I don’t usually write things like this. I draft contracts, I redline merger clauses, I send emails that could be cross-examined in a court of law and still hold up. Personal introductions? Not my area.
But here we are.
I’m Megan Porter. Corporate lawyer. Hastings & Mill, New York office. My days are long, my inbox is longer, and if you asked me what I do for fun, I’d probably say “finish work before midnight.”
Here are the basics:
– I’m thirty-two.
– I live in Astoria, top floor of a converted building with exposed brick and very clean lines. There is a lift. Thank God.
– My mornings start at 5:45. No snooze. Bagel, coffee, inbox, train. Routine is survival.
– My desk is immaculate. My apartment almost is.
That’s the curated version. The LinkedIn-approved one.
What I don’t usually say: sometimes, at night, when the screen is finally dark and the city noise leaks faintly through the windows, I scroll. Weddings. Babies. Promotions. The full highlight reel of people I used to study with, interview against, or smile politely at over a canapé tray.
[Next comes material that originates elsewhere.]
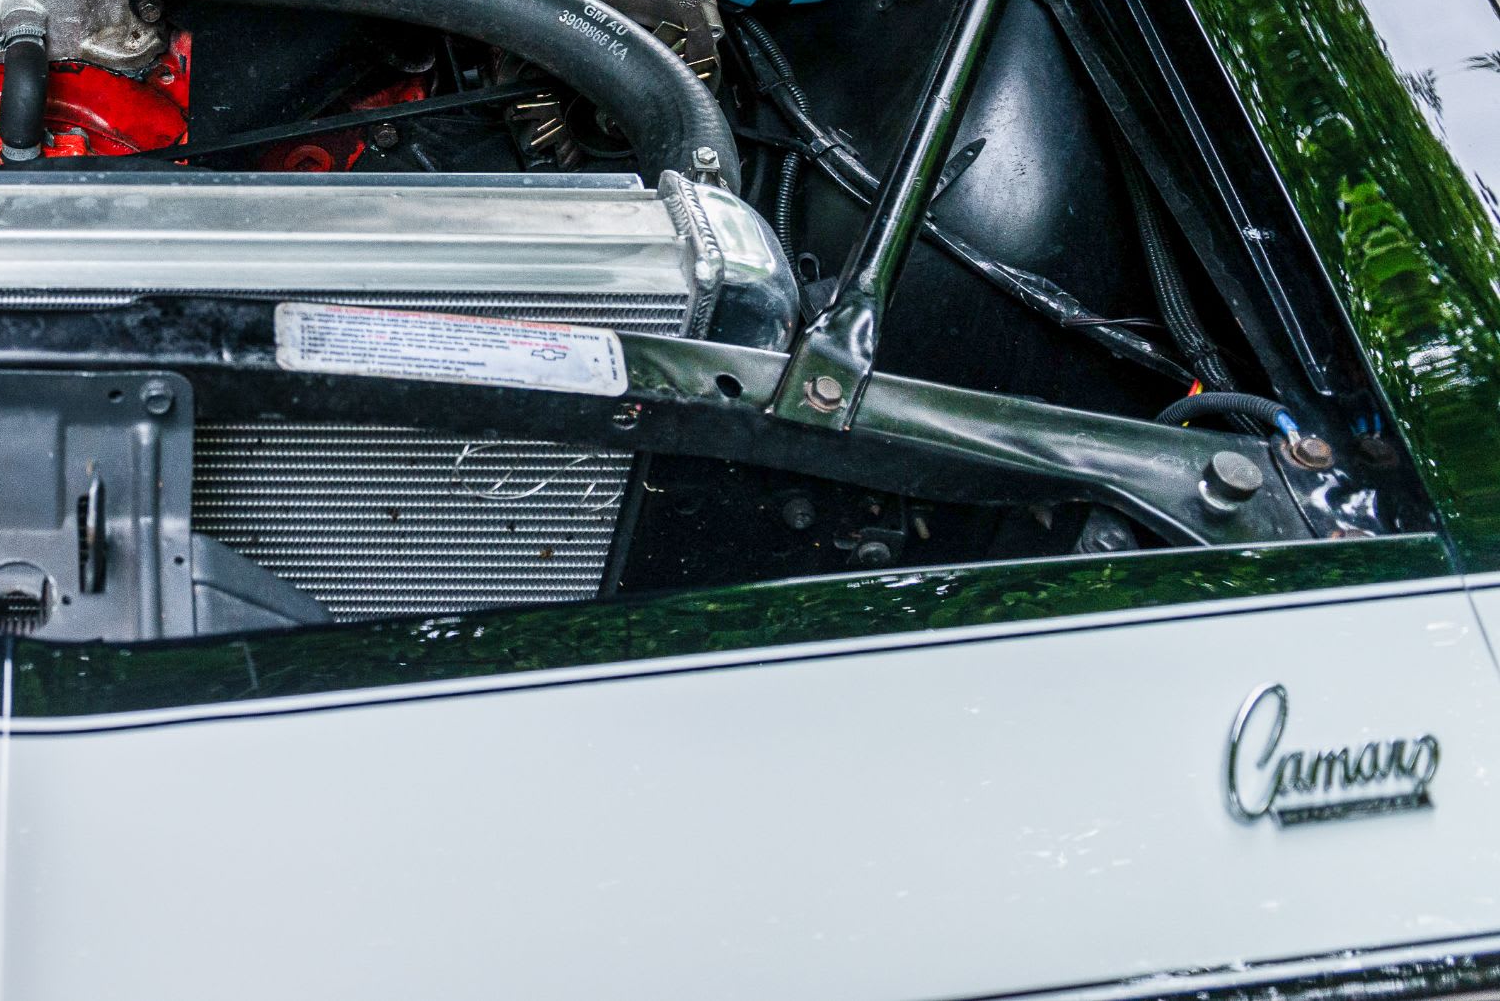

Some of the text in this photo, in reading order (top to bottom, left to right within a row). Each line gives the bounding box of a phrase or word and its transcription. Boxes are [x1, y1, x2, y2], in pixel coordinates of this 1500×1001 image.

They’re all out there, looking like they’ve solved life’s equation. And sometimes I tell myself I don’t care. Sometimes I almost believe it.
And then — every so often — something catches my eye. A face. A line. Something that feels… less polished. More real.
That’s what happened the night I saw him.
His name was Tom Bennett. His photo wasn’t staged — just him at a café table, hands wrapped around a mug, like someone had caught him mid-laugh. His bio read: From council estate to criminal law. Lover of books, justice, and coffee.
That stopped me.
Not because it was poetic, or because I was looking. I wasn’t. But because it was… unfiltered. No Ivy League brag, no glossy headshot in front of a corporate logo. Just a sentence that told me more than most profiles manage in a thousand.
I don’t do impulse. Ever. I don’t click unless I have a reason, and “interesting smile” doesn’t usually qualify. But that night, I did.
Add Friend.
And then I sat back on my sofa, glass of wine in hand, and wondered why on earth I’d done it.
If you’re reading this, maybe you know already: that one click became something more. A thread. A rhythm. Messages across time zones. The start of a story I never thought I’d be part of.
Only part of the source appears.